Producer: Chester Erskine, Robert Mitchum (executive producer)
Director: Robert Parrish
Screenplay: Robert Ardrey, Walter Bernstein (uncredited), from novel by Tom Lea
Cinematography: Floyd Crosby, Alex Phillips
Production Design: Harry Horner
Original Music: Alex North
Editing: Michael Luciano
Costume Design: Mary Wills
Principal Cast: Robert Mitchum (Martin Brady), Julie London (Helen Colton), Gary Merrill (Maj. Stark Colton), Albert Dekker (Texas Ranger Capt. Rucker), Jack Oakie (Travis Hyte), Charles McGraw (Dr. Herbert J. Stovall).
C-98m.
by Roger Fristoe
The Wonderful Country
Quotes
Trivia
Notes
According to news items, director Robert Parrish met with author Tom Lea in Lea's hometown of El Paso, TX late in 1951 concerning the production of a film based on his novel, which had not yet been completed. In November 1953, Lea sold the film rights to Parrish and Gregory Peck, who announced the next month that they were forming an independent company to produce the film in Mexico in 1955. Parrish worked on the screenplay with Lea in El Paso in October 1954, and shortly after, the two formed a partnership to make the film. By July 1958, the film rights were owned by Lea, Parrish and Chester Erskine. According to a letter in the MPAA/PCA Collection at the AMPAS Library, in September 1958, D.R.M. Productions, Inc. was about to produce the film under M.P.L. (Mitchum-Parrish-Lea) Productions. Lea portrayed a barber in the film.
The Wonderful Country was Jack Oakie's first film since Tomahawk in 1951, aside from a brief, cameo appearance in the 1956 film Around the World in 80 Days. A November 1958 Hollywood Reporter news item stated that Oakie's wife, Victoria Horne, also had been cast, but she did not appear in the released film. In his autobiography, Parrish stated that when he had trouble casting the role of the African-American cavalry officer, Robert Mitchum suggested "Satchel" Paige, the great baseball player from the American Negro League, who had never acted in a film before.

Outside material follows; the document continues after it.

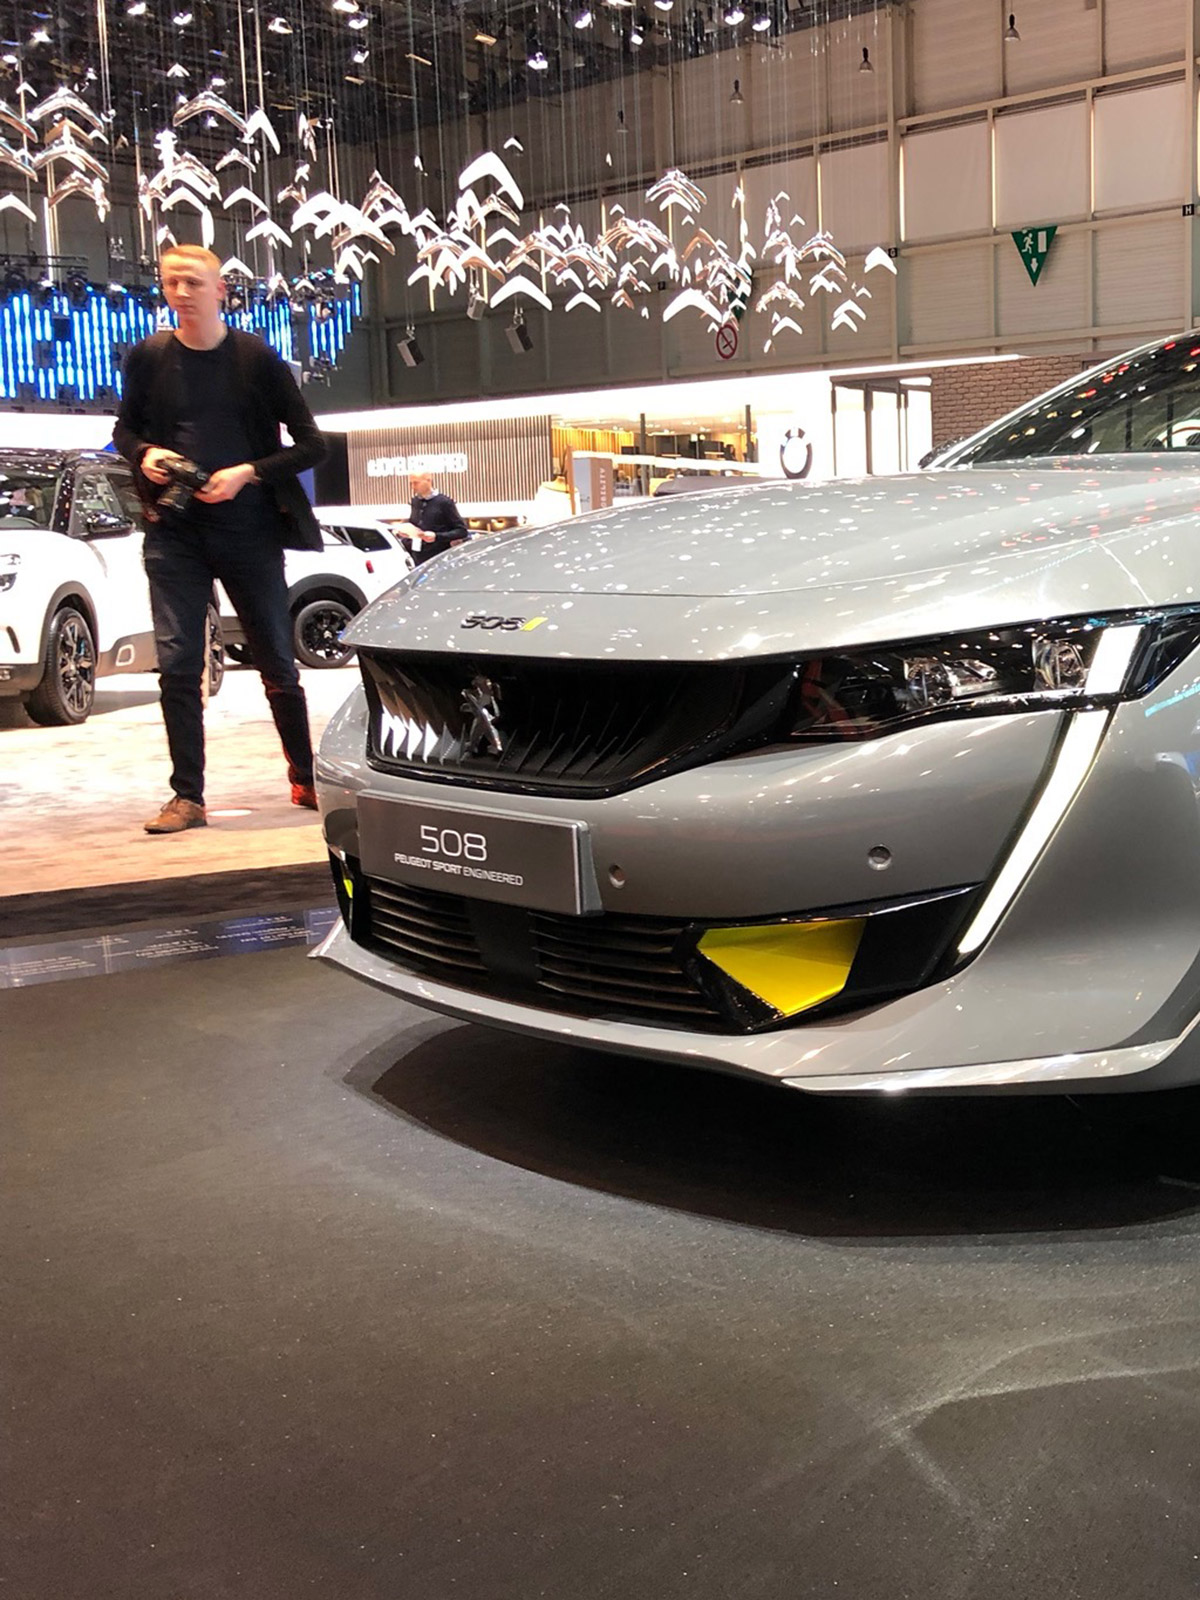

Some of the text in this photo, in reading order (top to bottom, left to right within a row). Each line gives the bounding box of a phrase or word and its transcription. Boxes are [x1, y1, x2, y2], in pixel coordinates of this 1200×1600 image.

[599, 467, 607, 508] OBILITY
[421, 825, 487, 861] 508
[394, 853, 523, 886] PEUGEOT SPORT ENGINEERED

According to news items, the film was shot entirely in Mexico. Most of the shooting was done in Durango, San Miguel de Allende and La Punta. Although several reviewers praised the atmosphere of the film, the Hollywood Reporter reviewer was critical of the way the film dealt with the historical significance of the use of African-American cavalry to fight the Apaches, commented, "the script never probes the emotions of a race, recently released from slavery, being used to fight an Indian tribe desperately fighting for its freedom."
A modern Mexican source adds the following actors to the cast: Alberto Pedret, Alberto Mariscal, José Chávez Trowe, Ignacio Villalbazo, Antonio Sandoval, Hernando Name and Salvador Godínez.